Butt and colleagues used data from the BC Hepatitis Testers Cohort, which includes approximately 1.7 million individuals tested for HCV or HIV, or reported as having HCV, HIV or HBV from 1990 to 2015. According to the study, the researchers followed patients with HCV, HBV or HIV monoinfection, coinfections and triple infections from their negative status to date of death or through Dec. 31, 2016.

Study data showed that among 658,704 individuals tested for HCV, HBV and HIV, 33,804 (5.13%) died. Individuals triple infected with HCV, HBV and HIV were almost nine times more likely to die (HR = 8.9; 95% CI, 8.2-9.7) — the highest risk of mortality, followed by those with HCV and HIV (HR = 4.8; 95% CI, 4.4-5.1), HBV and HIV (HR = 4.1; 95% CI, 3.5-4.8), HCV and HBV (HR = 3.9; 95% CI, 3.7-4.2), and monoinfected patients with HCV (HR =2.6; 95% CI, 2.6-2.7), HBV (HR = 2.2; 95% CI, 2-2.3) and HIV (HR = 1.6; 95% CI, 1.5-1.7).

According to Butt, the study showed that injection drug use, problematic alcohol use, comorbidities and material disadvantage were significantly associated with all-cause mortality independent of coinfection.

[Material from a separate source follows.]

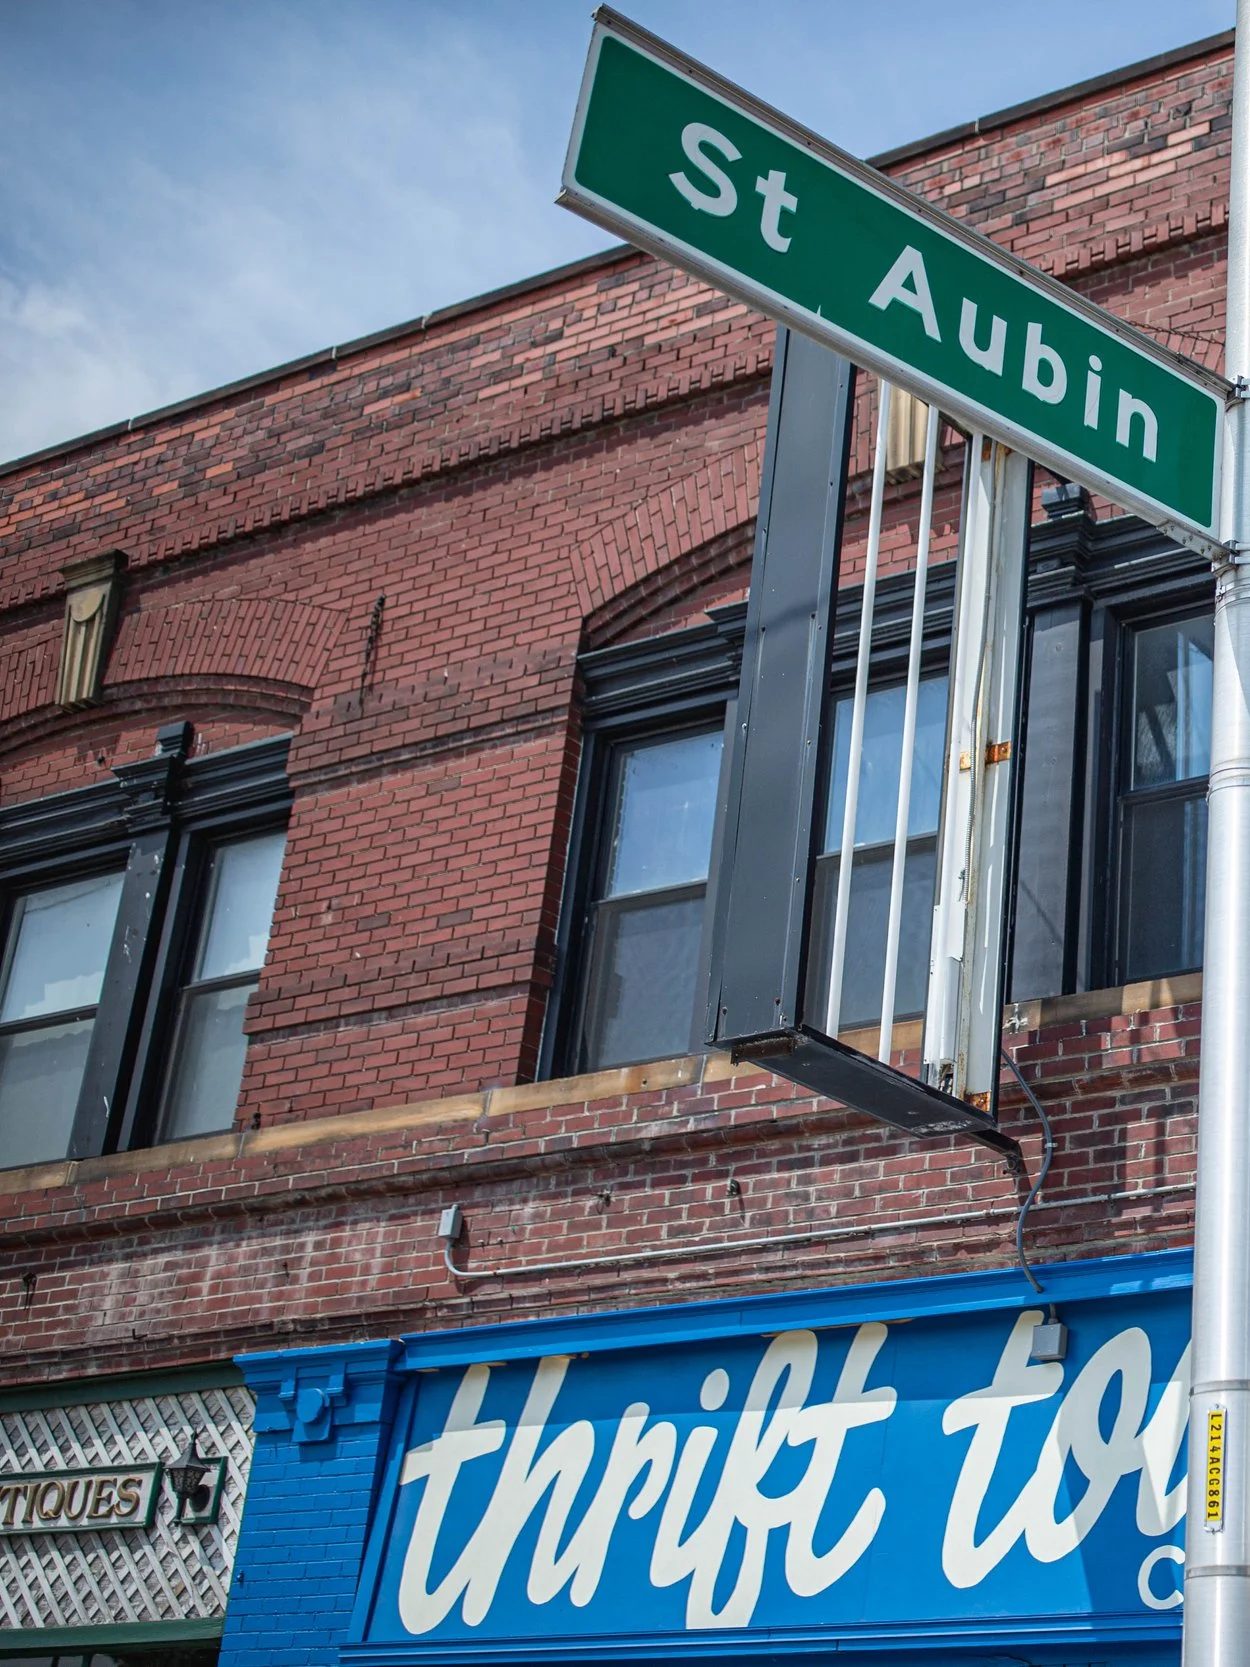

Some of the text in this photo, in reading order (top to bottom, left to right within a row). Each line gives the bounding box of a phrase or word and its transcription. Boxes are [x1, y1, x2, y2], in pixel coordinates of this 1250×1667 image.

[669, 122, 1159, 463] St Aubin
[0, 1477, 143, 1525] TIQUES
[398, 1321, 897, 1635] thrift
[1207, 1413, 1222, 1518] L214ACG861

“Findings from this study identify areas of interventions for reducing mortality by preventing infection or managing infection with highly effective curative or suppressive therapies for HCV, HBV and HIV. Interventions addressing addictions and other comorbidities, in addition to prevention and management of infections, could provide additional benefit,” Butt said. “Within this context, multi-disease health screening for related chronic conditions, and colocation of services, particularly harm reduction and mental health services, would contribute to reducing mortality among the HCV-, HBV- and HIV-affected populations.”